The data below should be restated word for word, with every picture omitted.

··· Input for this task

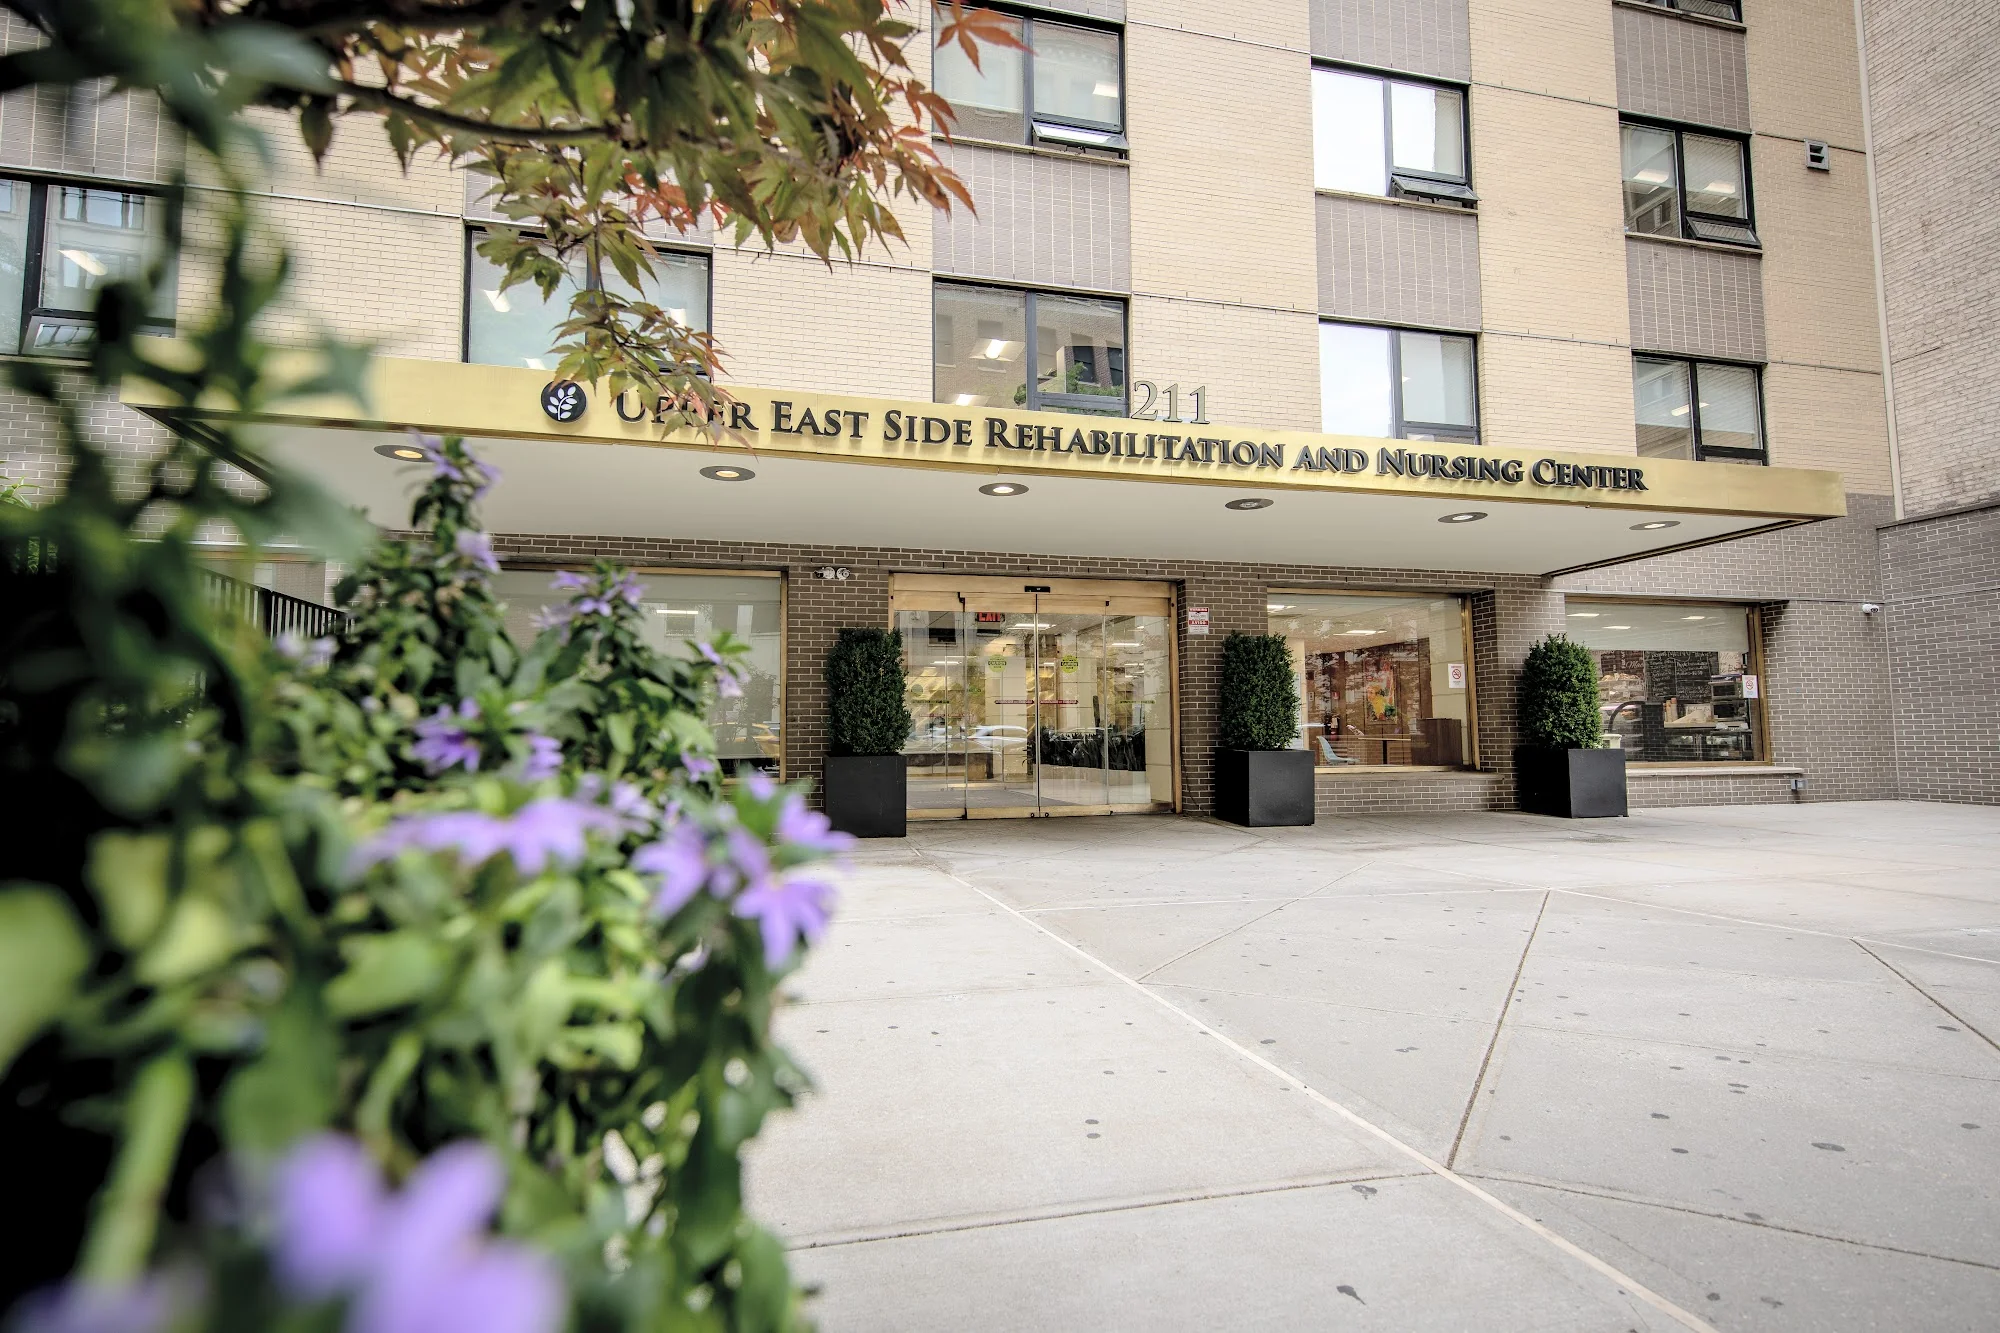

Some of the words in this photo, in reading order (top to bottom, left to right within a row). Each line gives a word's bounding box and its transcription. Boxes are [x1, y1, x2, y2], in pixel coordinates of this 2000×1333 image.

[1131, 380, 1210, 425] 211
[770, 400, 868, 439] EAST
[883, 409, 973, 447] SIDE
[985, 417, 1285, 468] REHABILITATION
[1294, 445, 1369, 473] AND
[1377, 446, 1524, 484] NURSING
[1532, 457, 1649, 492] CENTER

······

Solution to this task:
Some of the words in this photo, in reading order (top to bottom, left to right within a row). Each line gives a word's bounding box and its transcription. Boxes are [x1, y1, x2, y2], in pixel coordinates of this 2000×1333 image.

[1131, 380, 1210, 425] 211
[770, 400, 868, 439] EAST
[883, 409, 973, 447] SIDE
[985, 417, 1285, 468] REHABILITATION
[1294, 445, 1369, 473] AND
[1377, 446, 1524, 484] NURSING
[1532, 457, 1649, 492] CENTER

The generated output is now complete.